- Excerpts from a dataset
===============
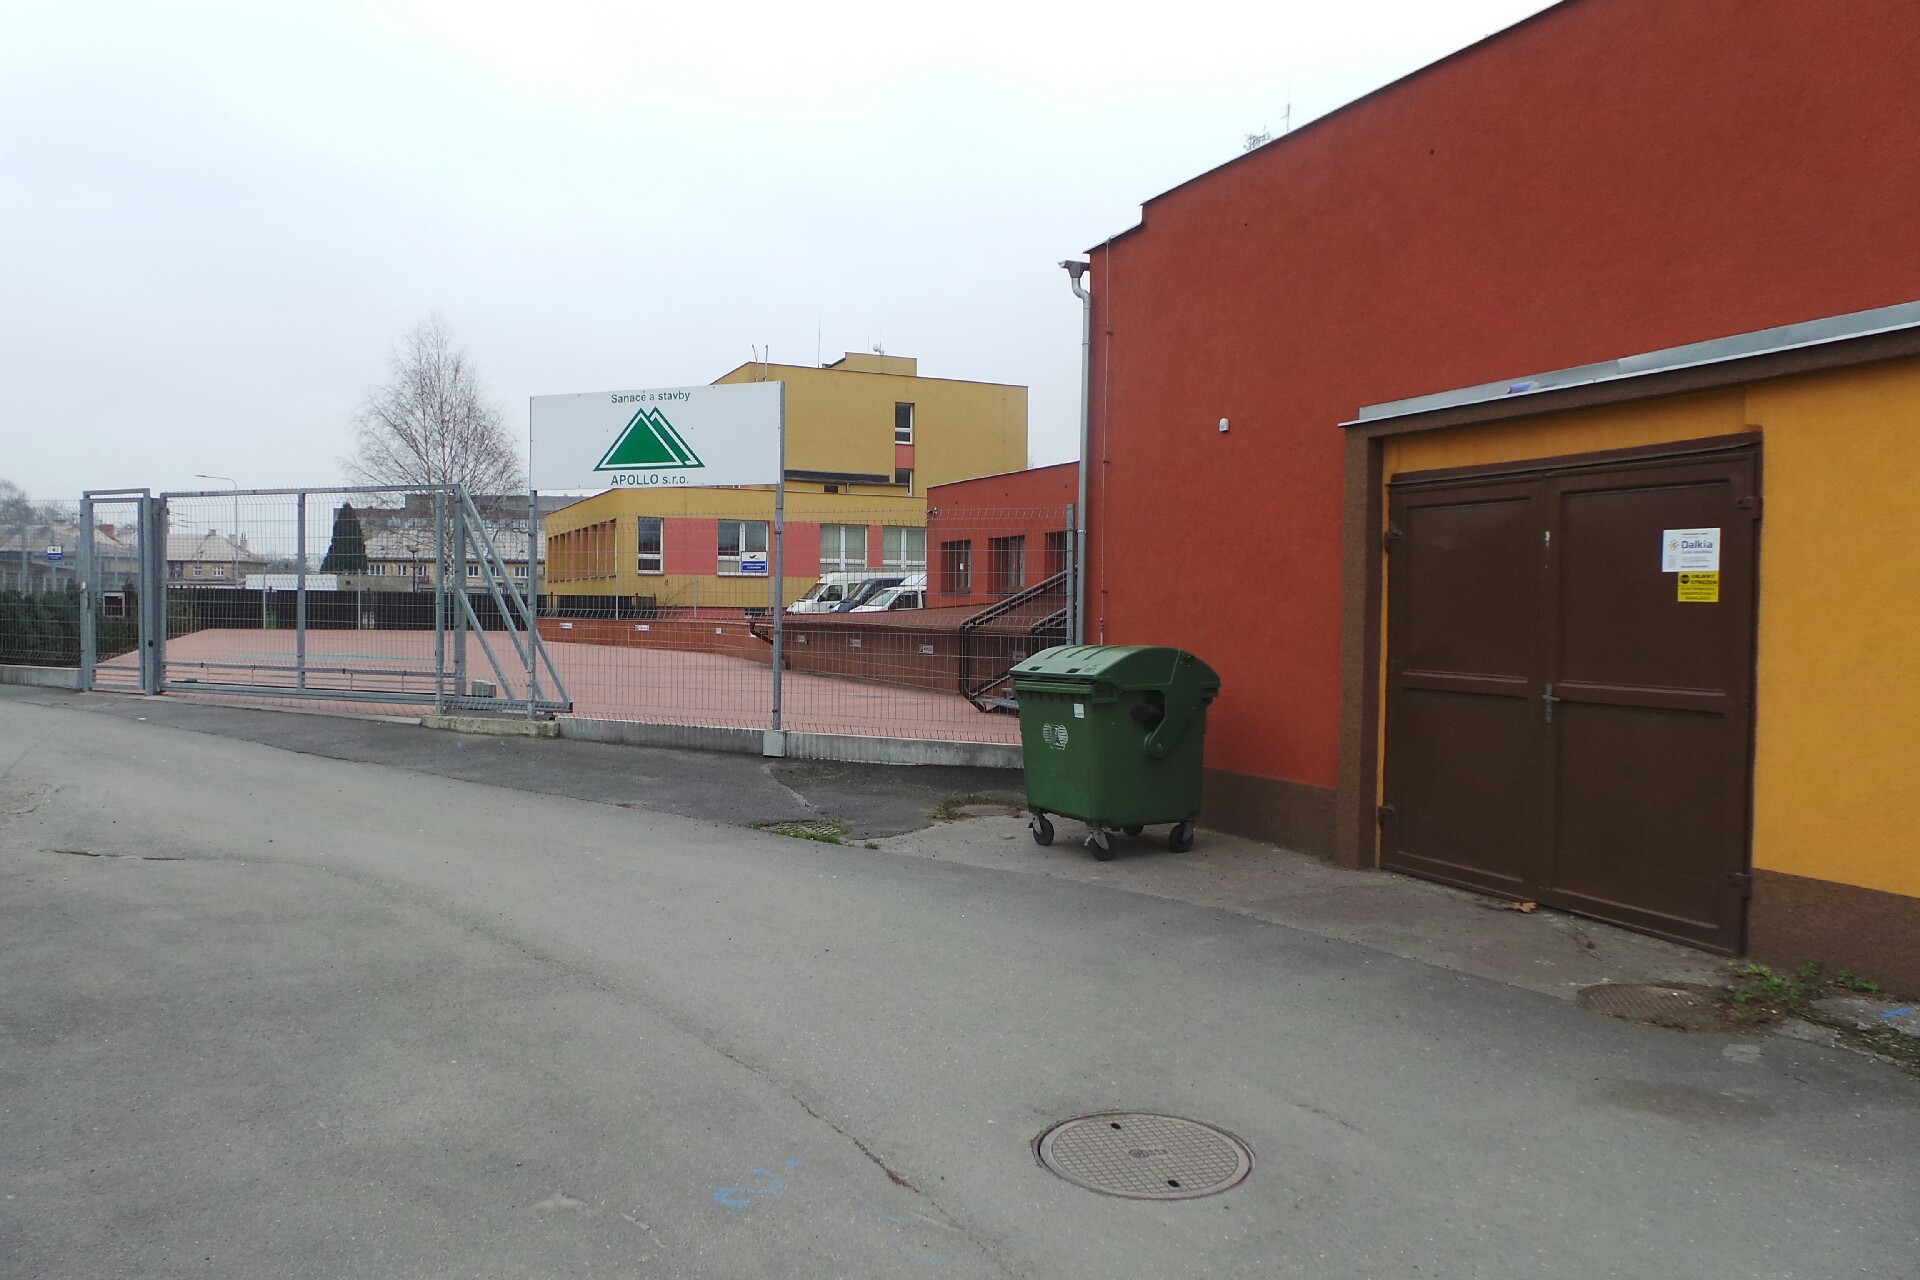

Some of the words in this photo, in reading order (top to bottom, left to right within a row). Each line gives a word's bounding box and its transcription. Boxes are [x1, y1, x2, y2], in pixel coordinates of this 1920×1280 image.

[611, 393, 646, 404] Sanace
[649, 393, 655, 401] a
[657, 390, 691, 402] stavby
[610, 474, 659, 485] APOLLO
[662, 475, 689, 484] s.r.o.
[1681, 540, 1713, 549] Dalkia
===============
- Try it
Exclude images. Return the data above verbatim.

- Written reply
Some of the words in this photo, in reading order (top to bottom, left to right within a row). Each line gives a word's bounding box and its transcription. Boxes are [x1, y1, x2, y2], in pixel coordinates of this 1920×1280 image.

[611, 393, 646, 404] Sanace
[649, 393, 655, 401] a
[657, 390, 691, 402] stavby
[610, 474, 659, 485] APOLLO
[662, 475, 689, 484] s.r.o.
[1681, 540, 1713, 549] Dalkia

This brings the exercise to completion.